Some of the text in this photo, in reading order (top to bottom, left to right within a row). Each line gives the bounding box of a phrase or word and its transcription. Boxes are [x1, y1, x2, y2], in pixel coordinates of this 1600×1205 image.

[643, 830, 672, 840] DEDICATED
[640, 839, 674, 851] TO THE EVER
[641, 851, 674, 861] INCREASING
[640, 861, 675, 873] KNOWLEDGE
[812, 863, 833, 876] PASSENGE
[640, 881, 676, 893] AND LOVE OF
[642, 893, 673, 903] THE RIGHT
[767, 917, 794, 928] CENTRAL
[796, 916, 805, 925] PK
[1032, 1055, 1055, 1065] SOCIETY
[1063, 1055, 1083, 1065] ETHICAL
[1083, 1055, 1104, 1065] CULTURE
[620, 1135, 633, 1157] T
--
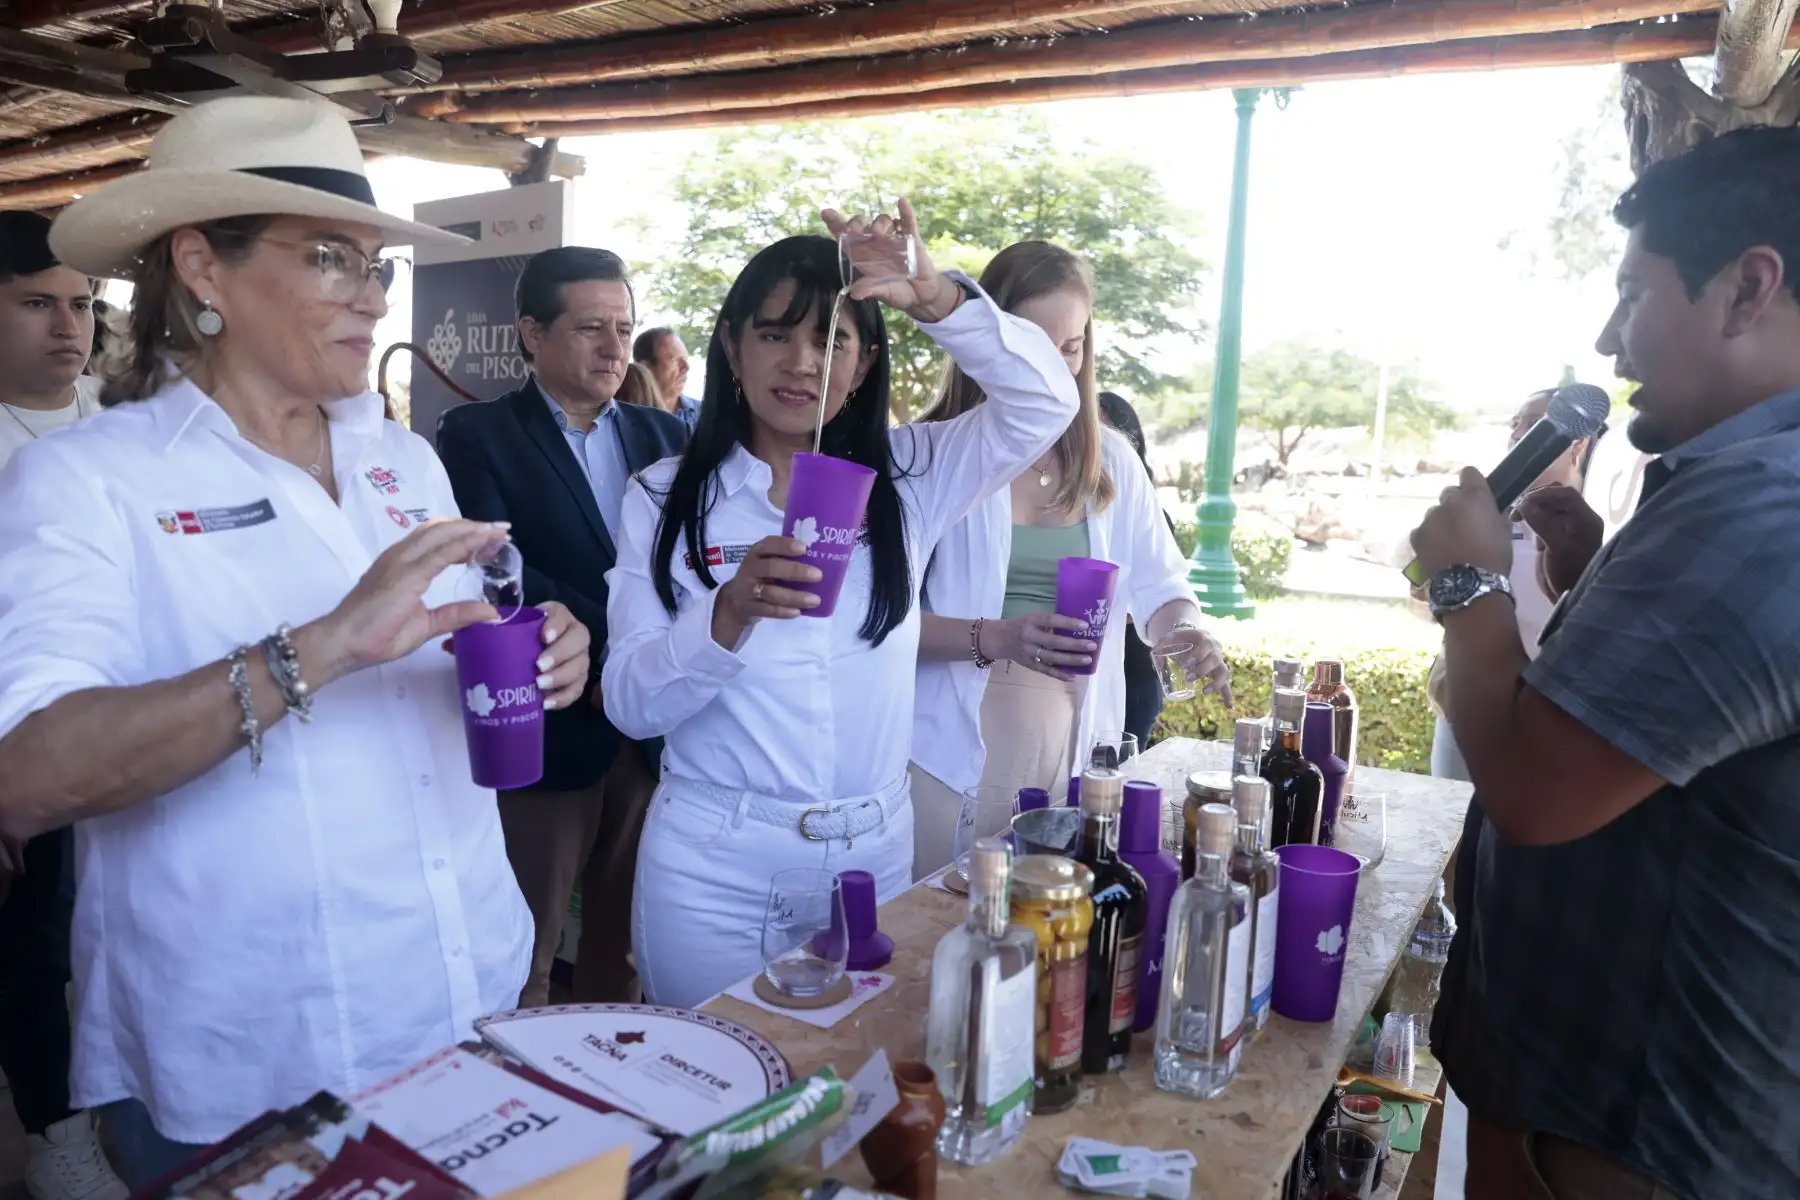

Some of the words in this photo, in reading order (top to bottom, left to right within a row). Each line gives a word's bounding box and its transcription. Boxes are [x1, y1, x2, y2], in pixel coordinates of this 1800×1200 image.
* * *
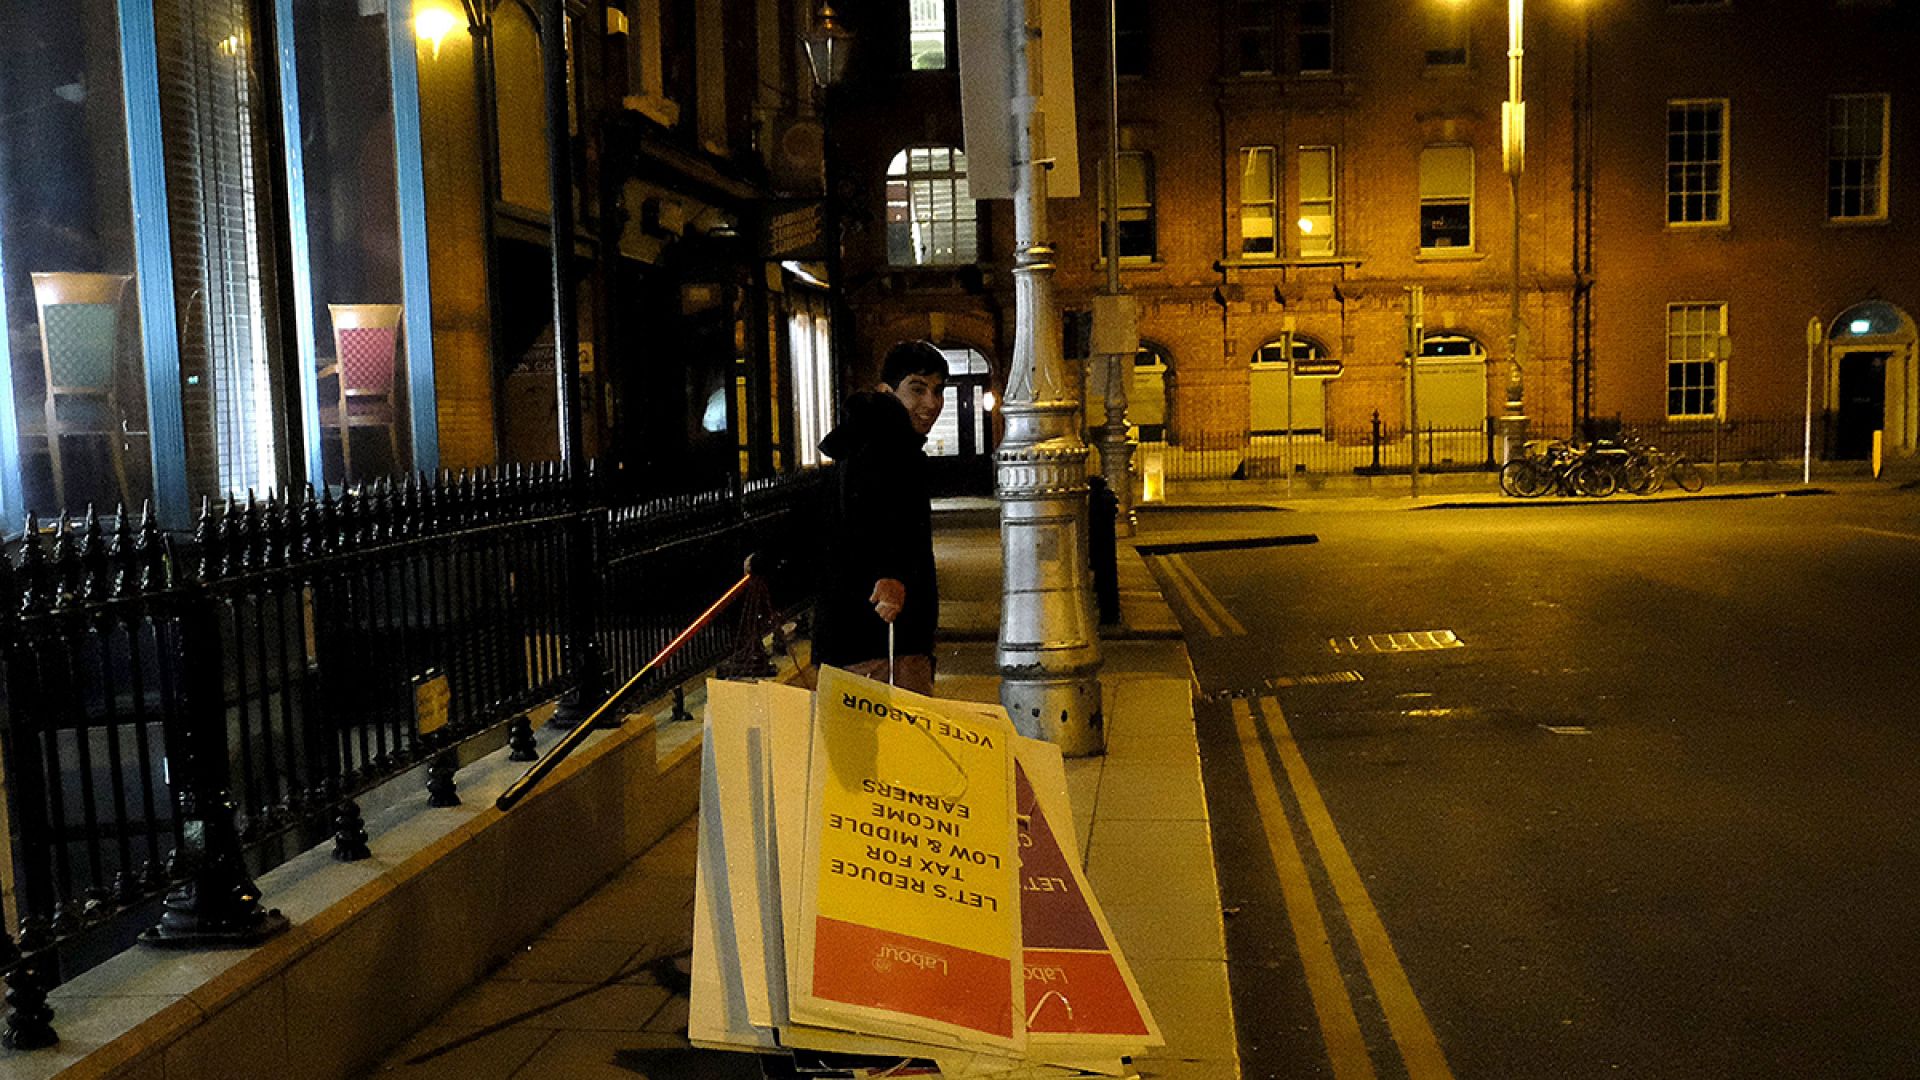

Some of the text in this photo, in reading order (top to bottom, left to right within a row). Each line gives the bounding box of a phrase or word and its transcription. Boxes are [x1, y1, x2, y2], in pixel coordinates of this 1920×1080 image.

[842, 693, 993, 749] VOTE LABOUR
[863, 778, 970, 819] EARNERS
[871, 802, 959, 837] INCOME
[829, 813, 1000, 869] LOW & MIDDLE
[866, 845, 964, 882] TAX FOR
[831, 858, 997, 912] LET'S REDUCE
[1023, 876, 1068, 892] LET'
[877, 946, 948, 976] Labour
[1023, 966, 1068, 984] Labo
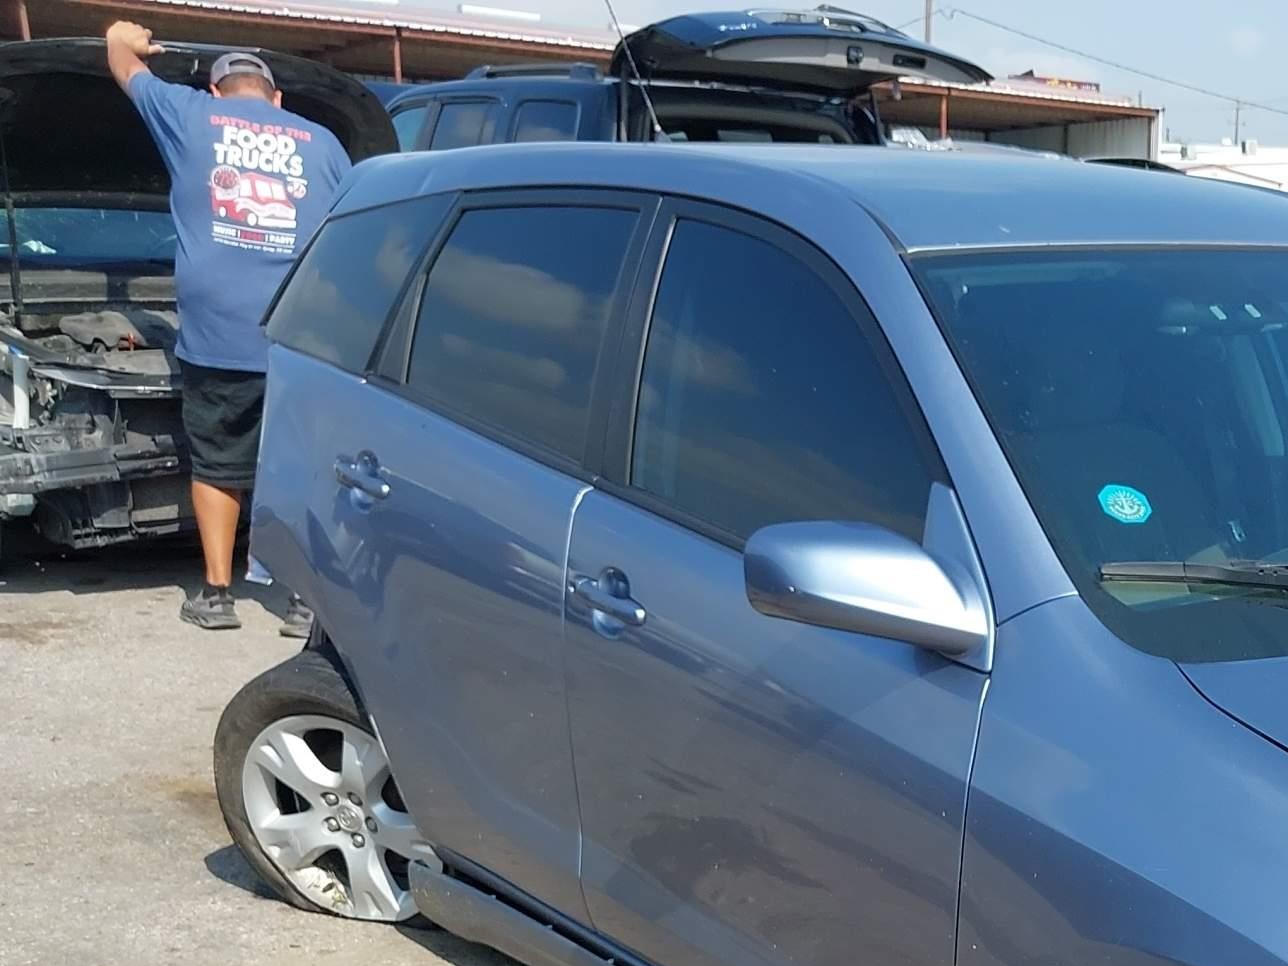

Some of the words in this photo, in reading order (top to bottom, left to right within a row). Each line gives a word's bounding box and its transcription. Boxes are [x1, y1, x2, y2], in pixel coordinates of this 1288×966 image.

● **Problem description**
State how many lines in the entries above include the word "words"; reply with the number alone.

● **Task output**
2